--- START ---
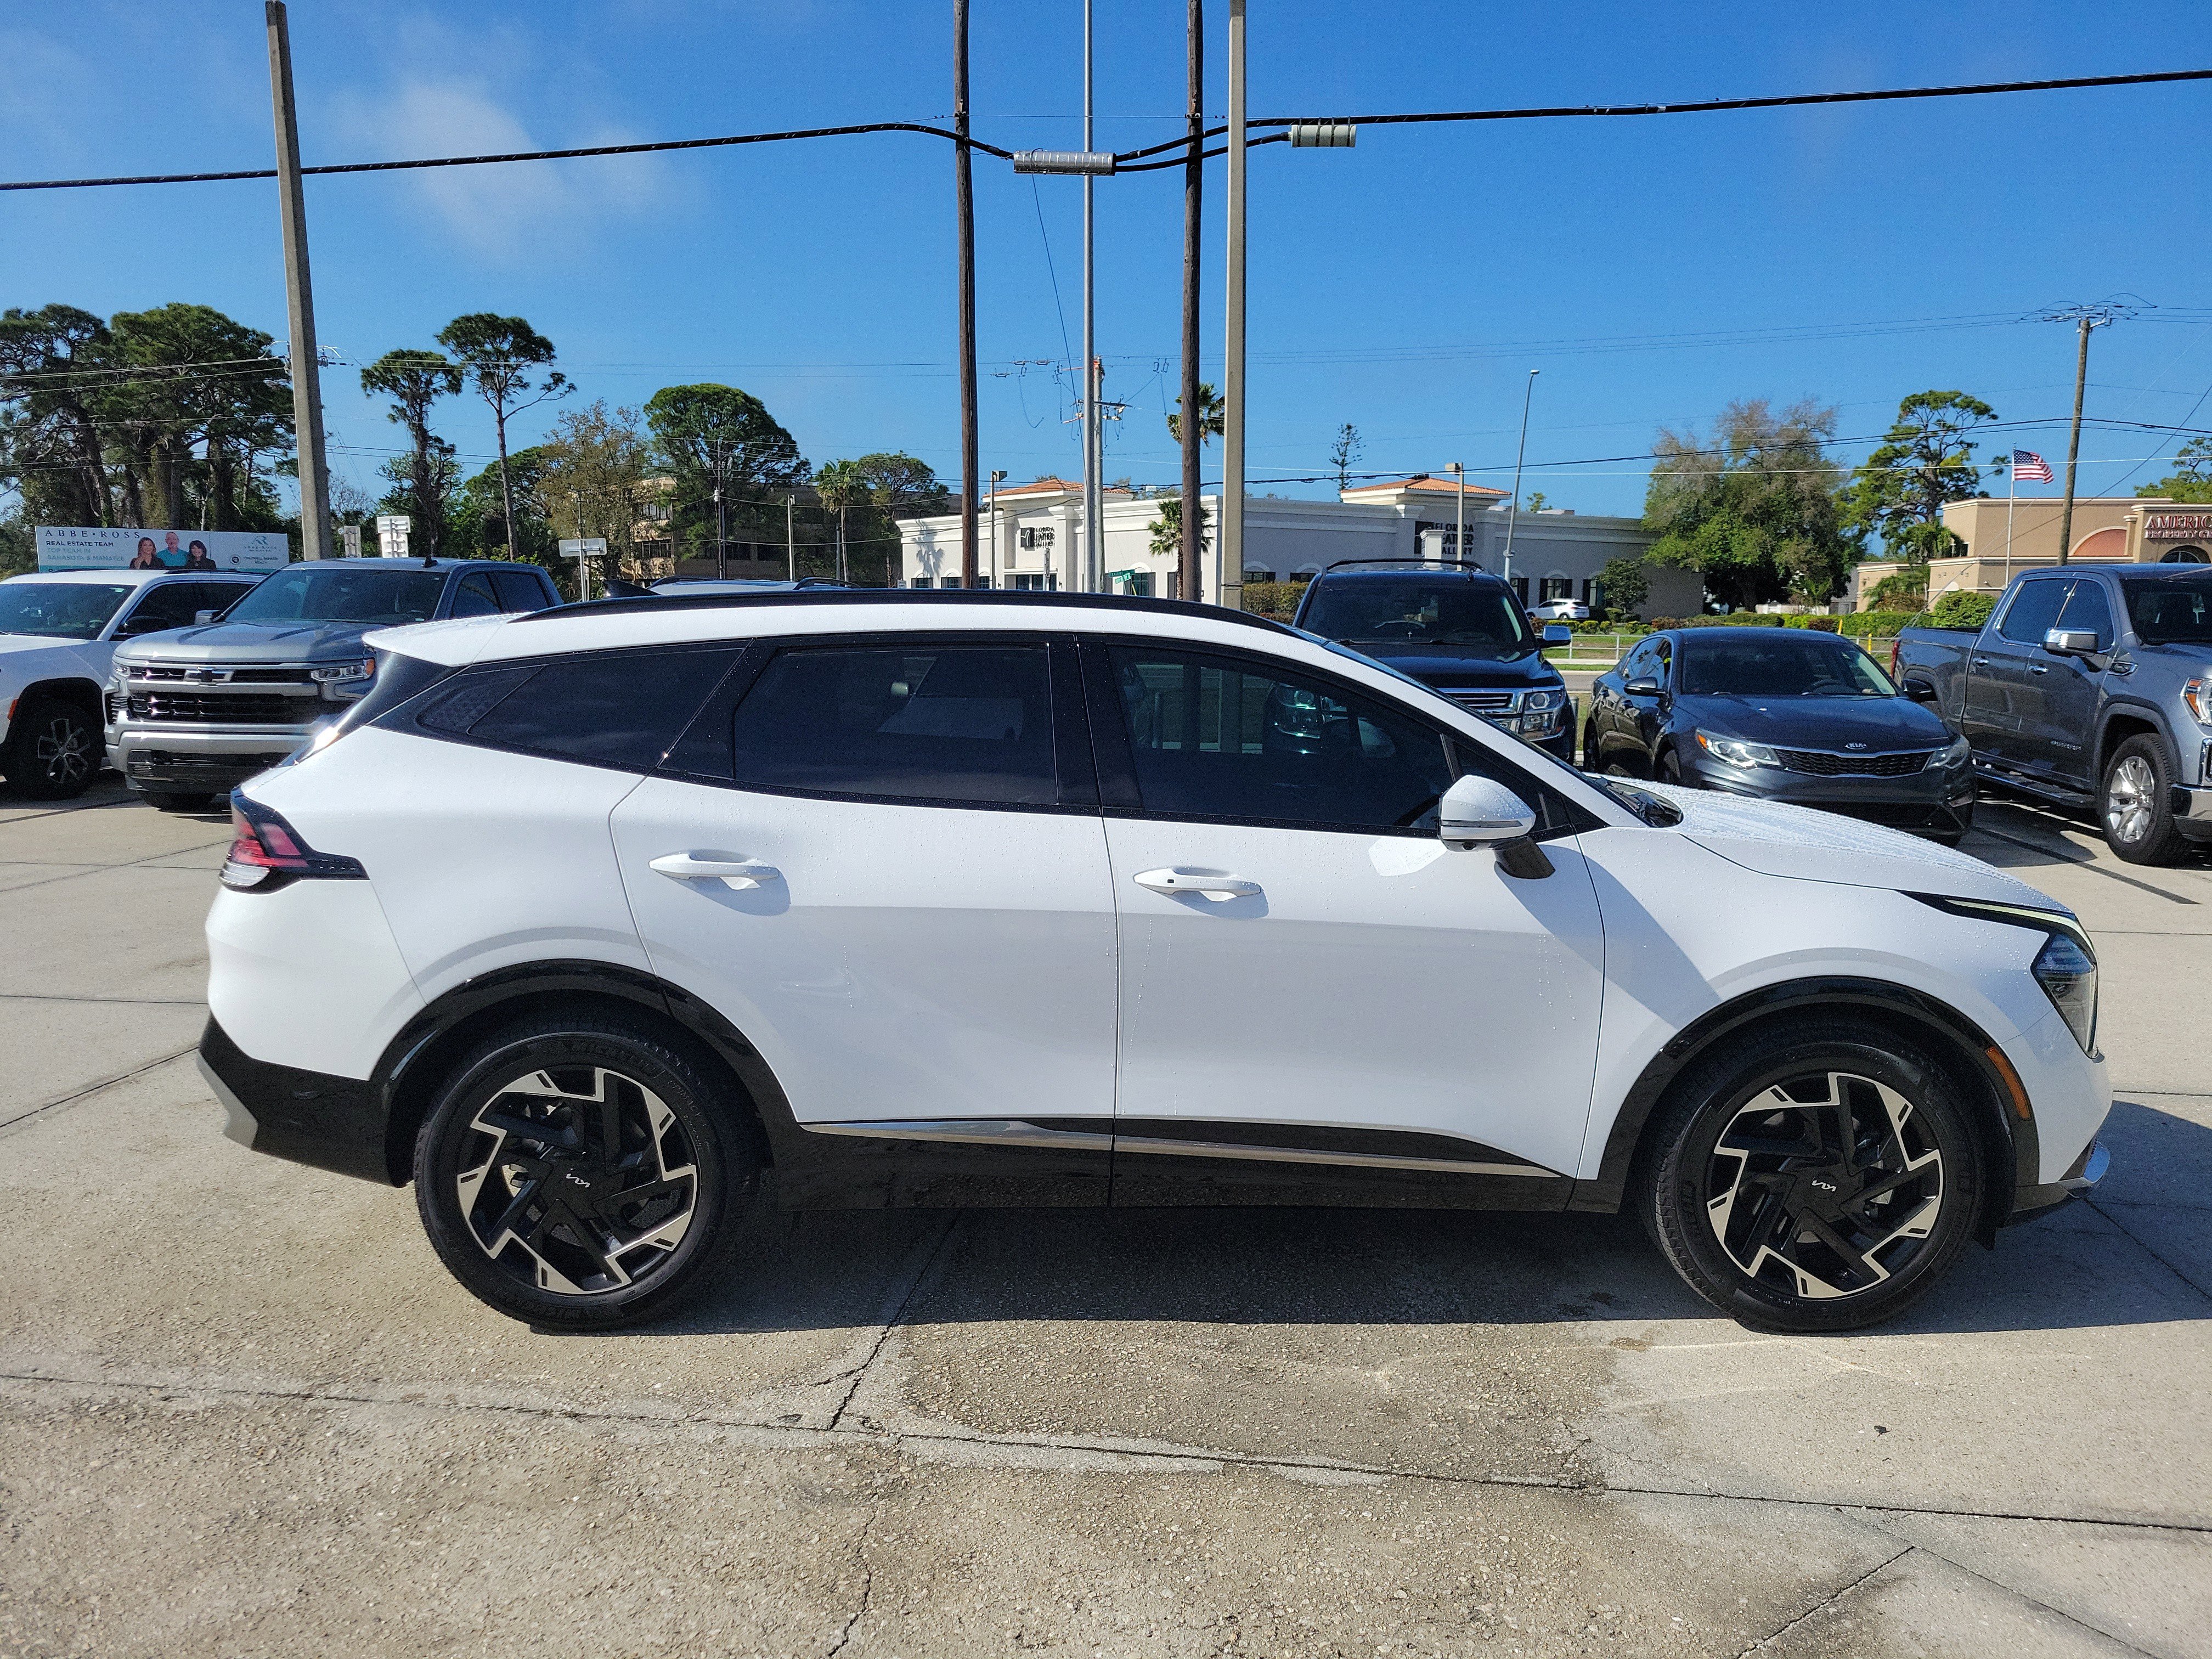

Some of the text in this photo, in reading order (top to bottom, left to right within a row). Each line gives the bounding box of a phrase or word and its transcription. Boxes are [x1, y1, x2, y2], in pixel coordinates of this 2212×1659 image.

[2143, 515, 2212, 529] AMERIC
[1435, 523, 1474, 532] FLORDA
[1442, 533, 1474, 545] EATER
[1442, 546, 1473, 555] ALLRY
--- END ---
--- START ---
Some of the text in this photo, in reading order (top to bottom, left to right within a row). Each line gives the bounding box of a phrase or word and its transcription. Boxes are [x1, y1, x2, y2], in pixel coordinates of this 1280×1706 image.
--- END ---
--- START ---
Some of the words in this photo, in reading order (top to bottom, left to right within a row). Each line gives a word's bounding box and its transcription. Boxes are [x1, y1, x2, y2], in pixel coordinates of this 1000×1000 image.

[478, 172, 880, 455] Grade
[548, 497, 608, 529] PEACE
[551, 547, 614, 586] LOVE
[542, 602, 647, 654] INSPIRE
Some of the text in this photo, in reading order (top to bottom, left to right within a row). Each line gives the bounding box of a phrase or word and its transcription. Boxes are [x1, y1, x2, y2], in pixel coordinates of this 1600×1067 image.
--- END ---
_ACTIVITY:_ Your answer should be the exact lines above from the one with "Some of the words" through the one with "this 1600×1067 image.", both included, and nothing besides.

_RESPONSE AREA:_
Some of the words in this photo, in reading order (top to bottom, left to right within a row). Each line gives a word's bounding box and its transcription. Boxes are [x1, y1, x2, y2], in pixel coordinates of this 1000×1000 image.

[478, 172, 880, 455] Grade
[548, 497, 608, 529] PEACE
[551, 547, 614, 586] LOVE
[542, 602, 647, 654] INSPIRE
Some of the text in this photo, in reading order (top to bottom, left to right within a row). Each line gives the bounding box of a phrase or word and its transcription. Boxes are [x1, y1, x2, y2], in pixel coordinates of this 1600×1067 image.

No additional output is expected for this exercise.